Dating back to approximately 1100 CE, the ruins of Reefert Church (sometimes referred to as ‘Reefert’s Church’) is a simple nave and chancel plan, featuring the same sort of post-and-lintel architecture that is characteristic of the early 10th century monolithic architecture found elsewhere in Glendalough. The name “Reefert” refers to the Gaelic “Righ Fearta, ‘burial place of the kings.'” (source) All that remains of these ruins are the stone walls and arches (see image to the right) as the roofing would have originally been made of wood beams and thatch, and has since deteriorated in the incredibly wet Glendalough environment.
“It is not known where the original settlement in the Glendalough Valley was located but was possibly in the same area as Reefert Church, on the south-eastern shore of the Upper Lake. Reefert was a sacred location as it was the burial place of kings and chiefs. Later still, the cathedral, churches and the round tower was constructed to the east of the lower lake. This gradual eastern progression of the settlement made it increasingly more accessible to would-be pilgrims and travelers.” (source)

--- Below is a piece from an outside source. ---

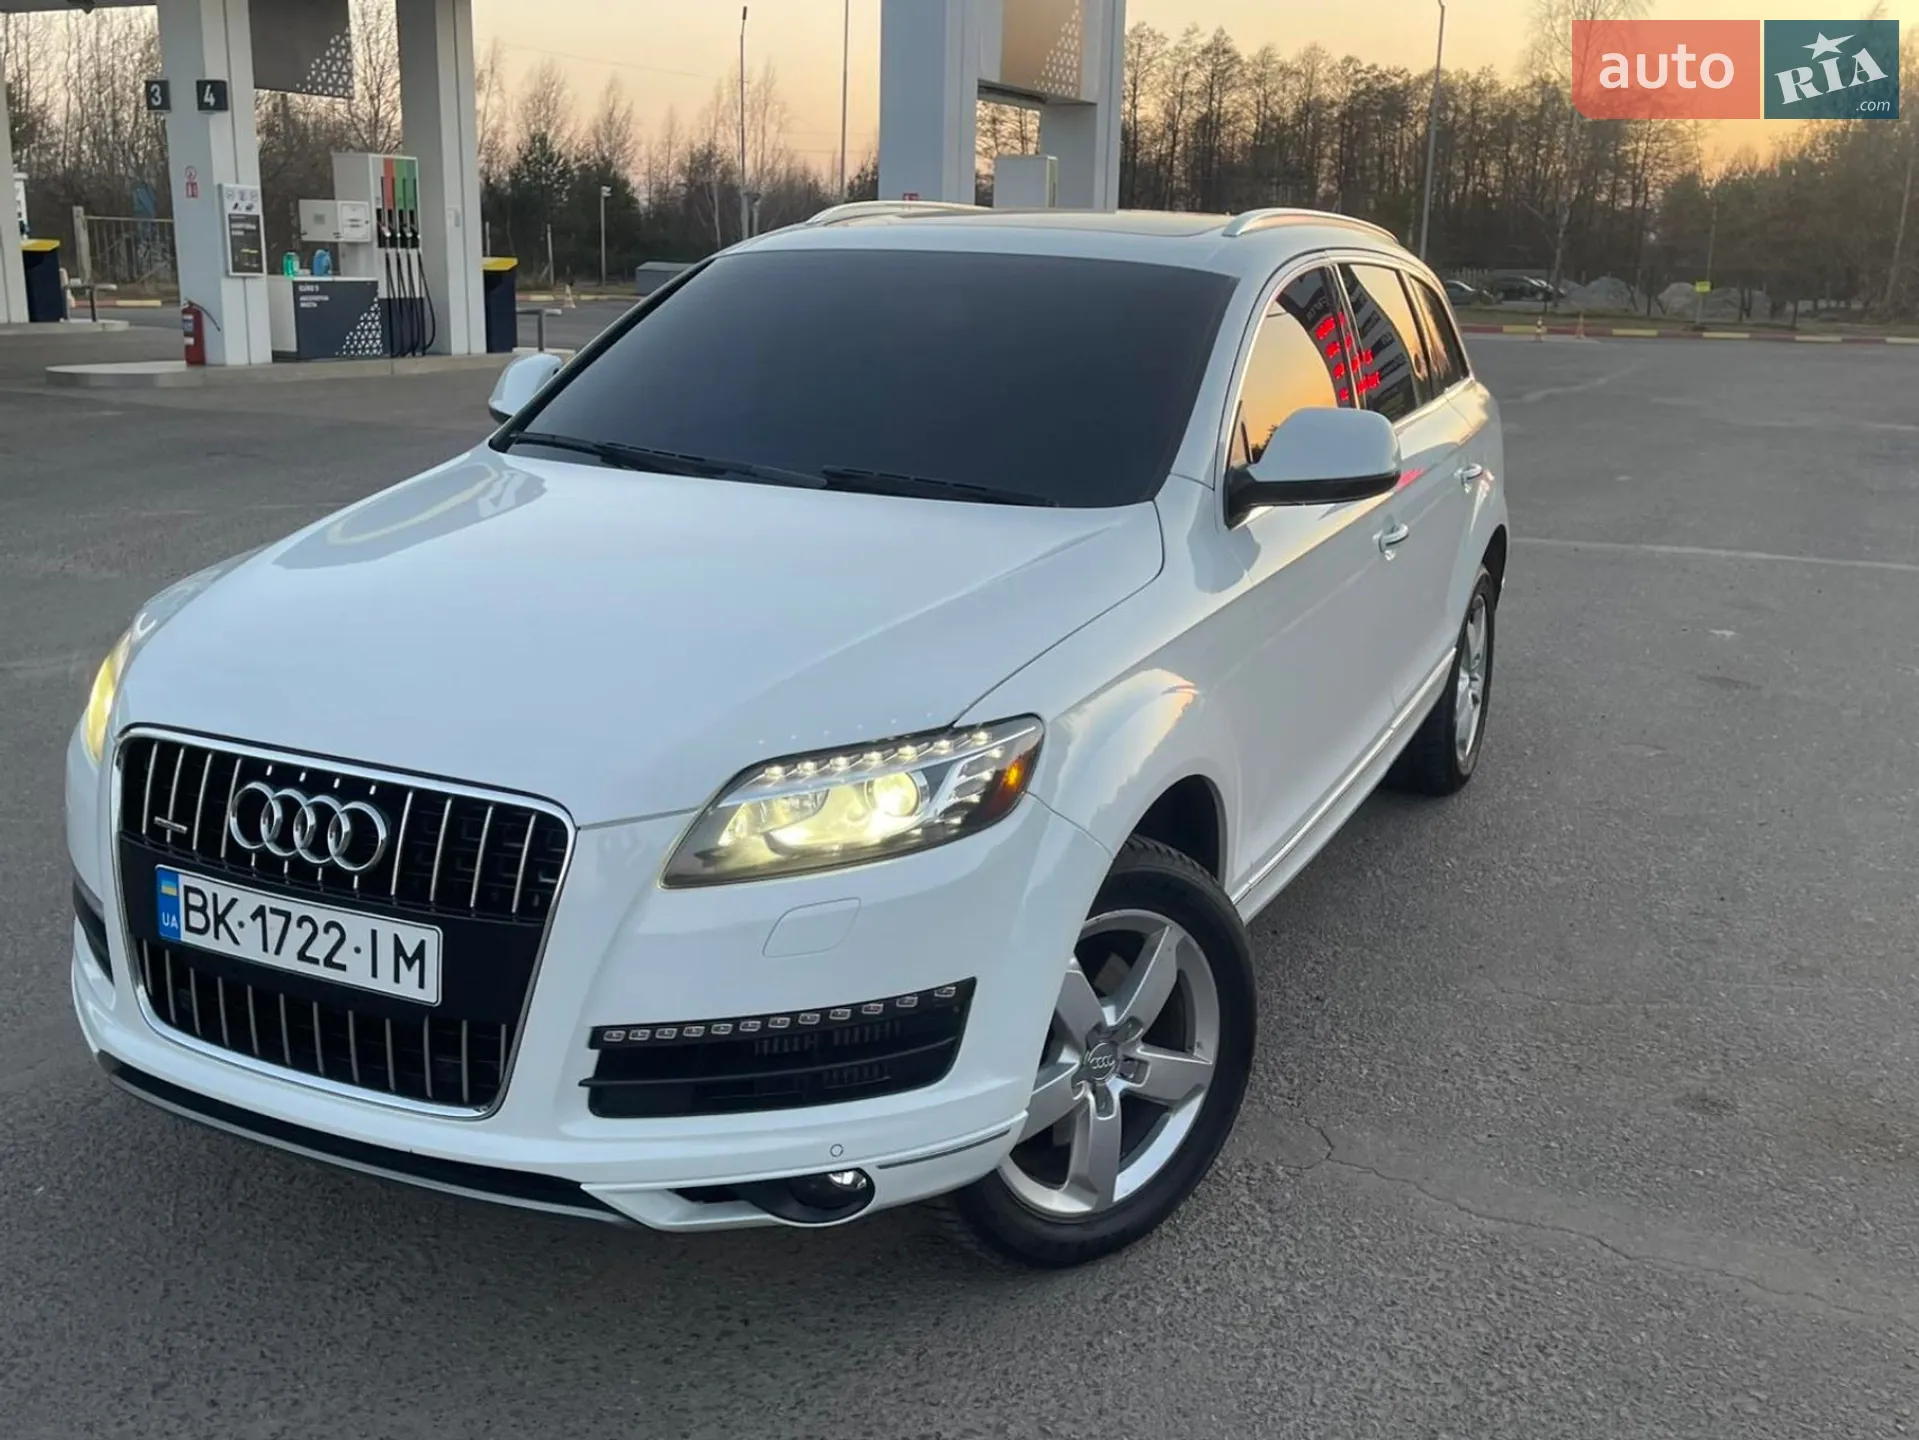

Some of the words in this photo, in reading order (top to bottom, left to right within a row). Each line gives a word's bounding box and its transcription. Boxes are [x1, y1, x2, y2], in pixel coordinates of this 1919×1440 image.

[149, 83, 162, 106] 3
[203, 83, 216, 107] 4
[161, 914, 179, 930] UA

There are several simple slab-style headstones adjacent to Reefert, (clearly heavily deteriorated). There is some evidence for the remains of a caiseal, a stone-wall like structure that would have originally surrounded the cemetery. However the only remnants of a structure such as this are depressions in the ground indicating its former presence. Some of the headstones at Reefert Cemetery are a bit more interesting than the simple slabs, for example this cross to the left. Although no decoration is visible, it is very likely that this cross was once decorated and has been eroded by the elements. (Like I said, Glendalough is QUITE wet, and that has a very negative effect on material remains).

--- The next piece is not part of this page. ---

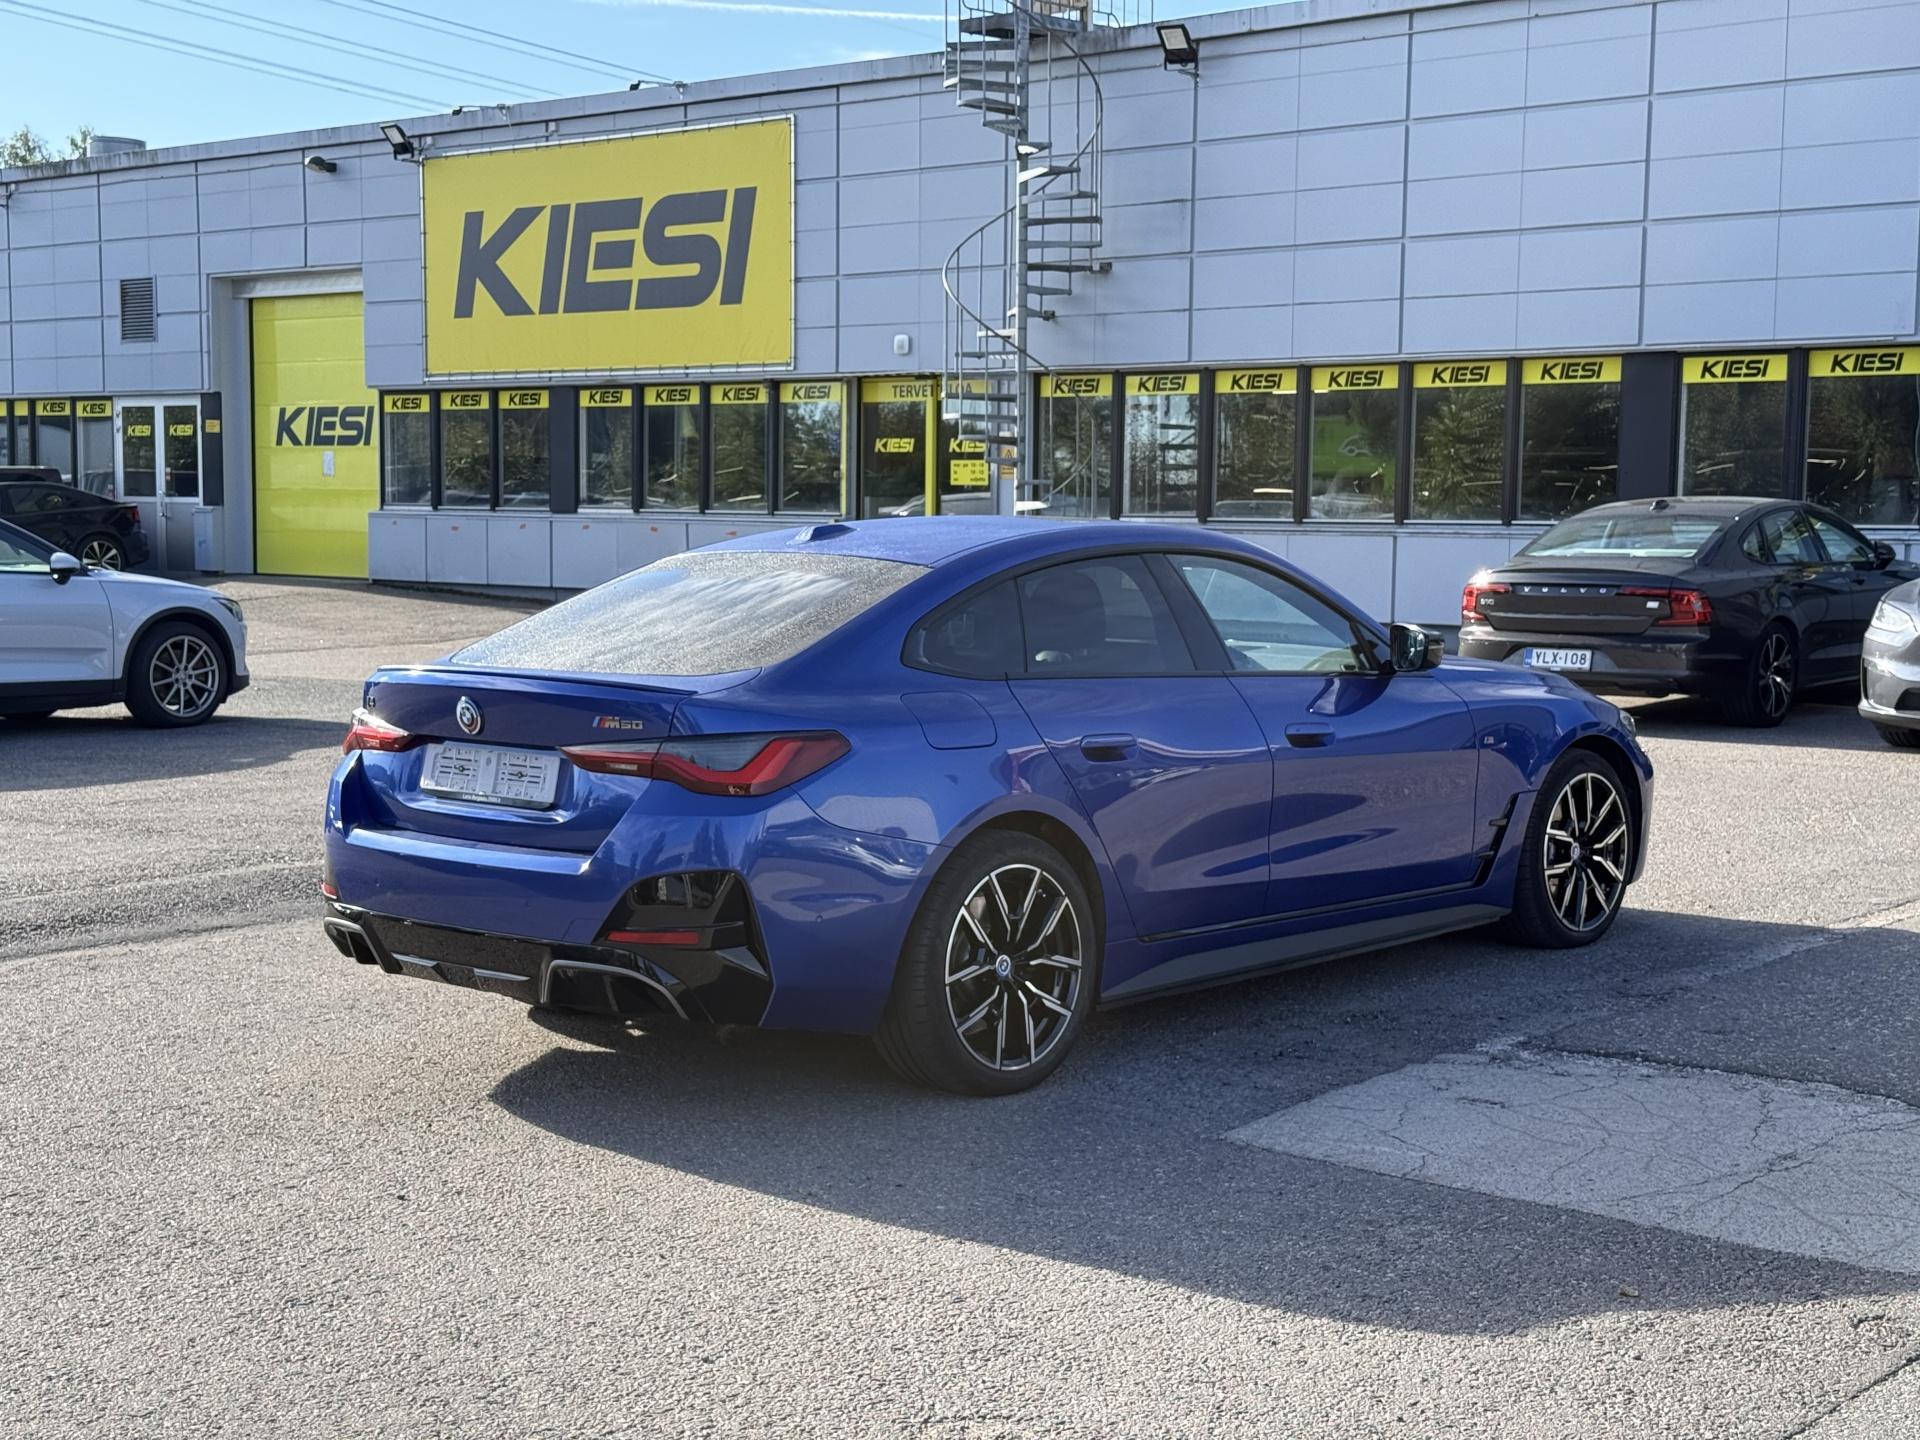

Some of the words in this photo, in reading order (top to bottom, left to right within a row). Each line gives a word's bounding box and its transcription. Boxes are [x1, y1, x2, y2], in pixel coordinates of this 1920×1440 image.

“The predominant stone in Glendalough is mica-schist, which is not particularly suited to carving. While it is clear that many of the slabstones at Reefert were originally adorned with carvings, almost all have been eroded. However, on close examination some carvings are still discernible. A finely carved intricate Celtic motif can be discerned on a stone cross, located near the southeast corner of the church. There is an eighteenth-century drawing of an inscribed slabstone at Reefert with the inscription “Ór do Carpre Mac Cathuill” , a prayer for Carpre the son of Cathail, an anchorite monk at Glendalough whose death is recorded in 1013 in the Annals of the Four Masters. Another stone from Reefert on which carving survives is the Breasal Slab, which was moved to the shelter of St Kevin’s Church in 1875. It has an incised cross carving and written on it are the words “Ór do Breasal” a prayer for Breasal, with the Greek letters alpha and omega and the Christ monogram IHS XRS.” (source)

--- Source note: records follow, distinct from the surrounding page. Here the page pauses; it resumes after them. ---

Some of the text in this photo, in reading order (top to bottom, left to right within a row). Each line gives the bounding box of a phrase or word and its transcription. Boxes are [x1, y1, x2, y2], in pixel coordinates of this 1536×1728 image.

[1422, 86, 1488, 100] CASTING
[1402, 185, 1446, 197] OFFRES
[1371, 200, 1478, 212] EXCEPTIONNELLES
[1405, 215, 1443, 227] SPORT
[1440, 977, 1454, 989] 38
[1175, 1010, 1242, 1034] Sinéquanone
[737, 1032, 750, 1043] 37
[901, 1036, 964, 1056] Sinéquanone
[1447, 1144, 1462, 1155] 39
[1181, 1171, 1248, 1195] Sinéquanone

Walking through the ancient paths of Glendalough, you cross a small bridge over the River Poulanass to get to the Reefert ruins, and then climb up eight heavily eroded ancient steps to reach this location. Surrounded by greenery, mountains and the small rushing river, walking through this site is quite beautiful. One of my favorite things about touring ruins such as this in Ireland is that you can walk right into this 10th century church and touch the stones. This location is ancient, serene and powerful – you can’t miss it on a hike through Glendalough.